Power is omnipresent in every social relationship; the image is not external to it, but is concretely placed within the network of relationships that establish the link between knowledge and power. Precisely the articulation of such network constitutes the specificity of cinema as a form. Cinema is at the same time both an expression and a resistance to power relations, according to Foucault’s sentence: “Where there is power, there is also resistance”. Throughout its history, cinema has been able to reflect power relationships both within its device and through the creation of new images. If the dynamics of the relationship between image and power is therefore complex, there are different ways of intending such question, of showing how the cinematographic image is constituted as a space of thought on (and in some cases of) power.
Power/Strength. First of all, we should think power as the strength of the image. The essence of cinema lies in the relationship between power and strength in the image (and, conversely, in the powerlessness of the image). Quoting Agamben’s reflections on the power of being (as of non-being) of the image, cinema can be thought of both as a great device for creating images and as a power for the imaginary, as the means capable of remediating the relationship between man and the world (Casetti). Conversely, in the twentieth century, cinema history has also been one of powerlessness: following Godard’s Histoire(s) du cinéma, cinema has not been able in fact to redeem or transform the world. It is therefore necessary to critically resume all the great theorizations on cinema which are often centered on the notion of power: from the transfiguring power of cinema in Epstein, to its power of reconfiguring the world in Benjamin; from the concept of the power of the image in Eisenstein, to its the relationship of the image with reality according to Bazin. The question here shifts from the ontological level (what is cinema?) to the ethical and political one (what can cinema do?), thus also challenging the reflection of authors such as Deleuze and Agamben.
The gaze on power. Cinema creates images and, in doing so, it creates narratives. Throughout the history of cinema, power has taken on different forms.
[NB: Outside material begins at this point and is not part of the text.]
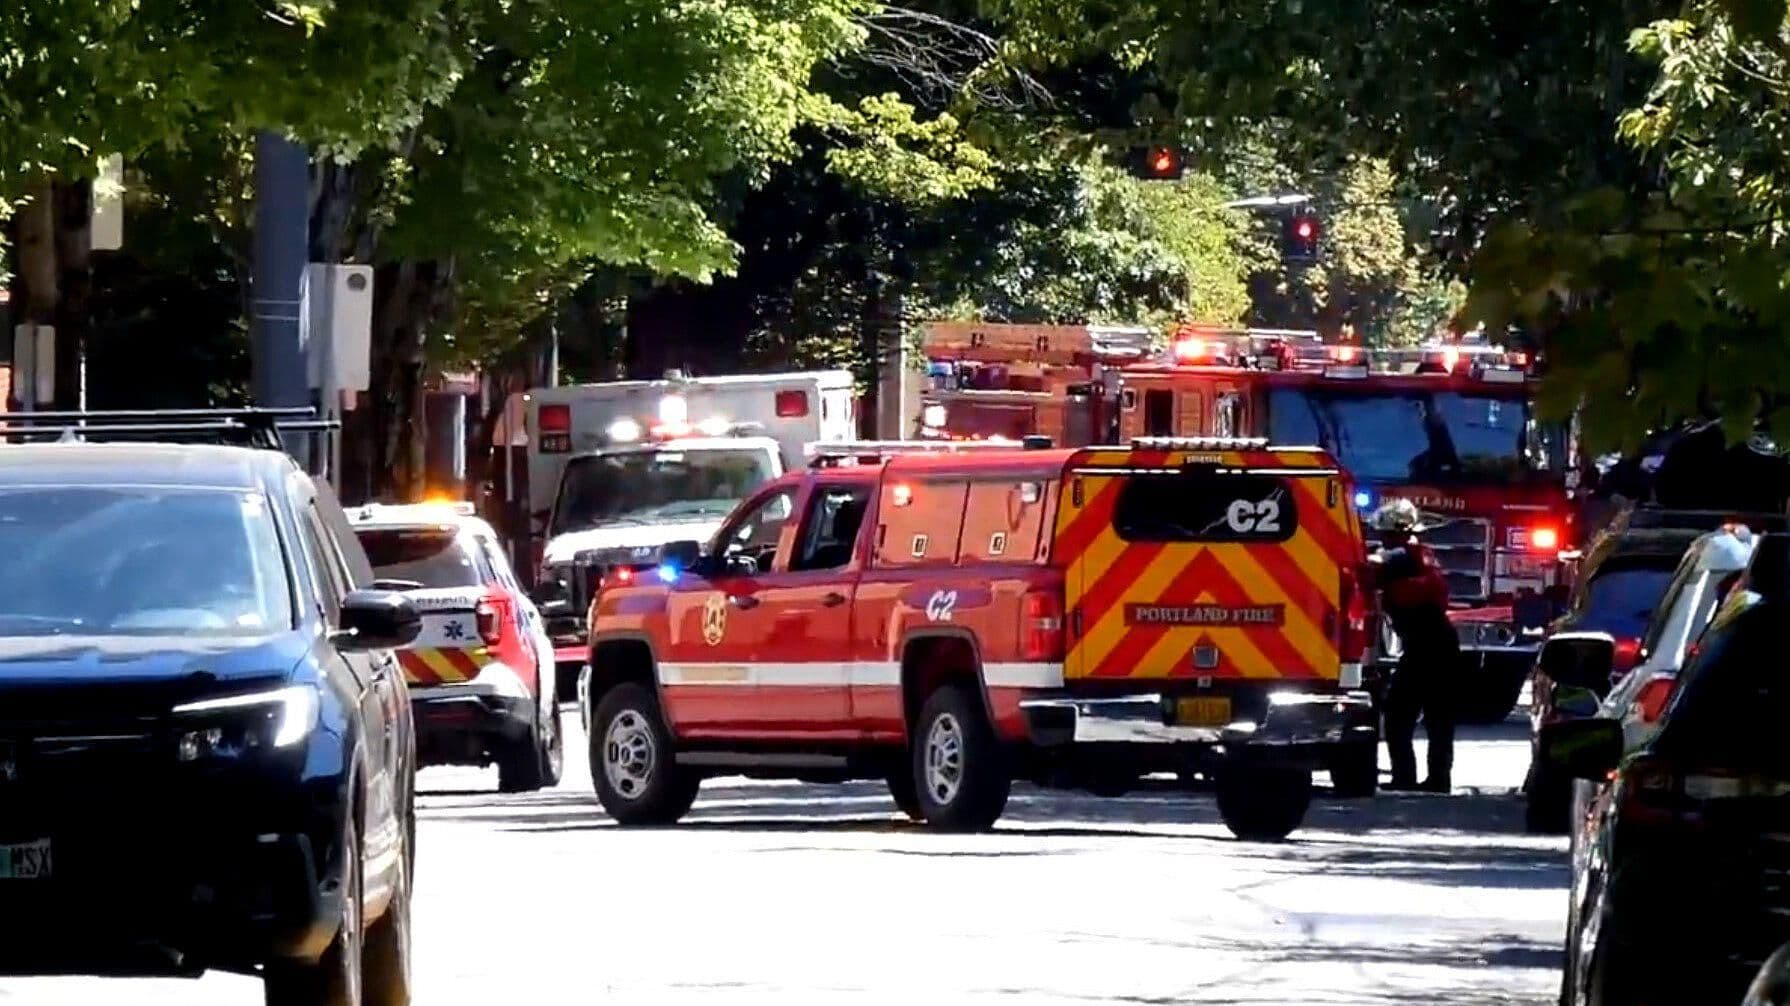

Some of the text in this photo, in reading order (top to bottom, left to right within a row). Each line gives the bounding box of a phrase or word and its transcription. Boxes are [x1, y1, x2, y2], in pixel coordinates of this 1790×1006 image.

For example, the transfiguring form of grotesque bodies and gestures: from the Eisensteinian bodies to the masks of power scattered throughout the history of Italian cinema (from Petri to Ferreri, passing through the zoomorphic representations in The Power by Augusto Tretti), recently revived by directors such as Sorrentino. The problem of representation runs through all the cinema of political commitment, but what characterizes it is the fact that it puts into play the dialectic between visibility and invisibility: the excess representation of power – such as that which transcends the human – and the absence of represent ation. Cinema often focuses on the effects of an invisible, absent power, constituted by an empty throne which is however capable of creating continuous images of itself, through the bodies subject to power.
Cinema and power. Power is here understood as a political, economic and social one in relation to the film industry. Cinema is the result of an often conflicting, sometimes perfectly harmonious, relationship with power. From propaganda films, functional to the logic of power (and at the same time capable of telling its imaginary, as in Leni Riefensthal’s cinema), to underground and independent cinema. The question here intertwines the political and economic dimension of cinema understood as a production system: from the absorption of all film production under state control (as in the case of Nazi cinema) to the creation of powerful industrial groups, able to guide choices and aesthetic models (as in the classic Hollywood system). Such dynamic has never been closed or has never been legible as a form of absolute control over images. It has indeed shown the complexity of the folds and the details of images that often reveal their hidden, unconscious, otherwise invisible content. We should therefore also read cinema from the perspective of such dialectic, highlighting its complexity, whether cinema is placed within a system, or whether one thinks it as something free and in opposition to it.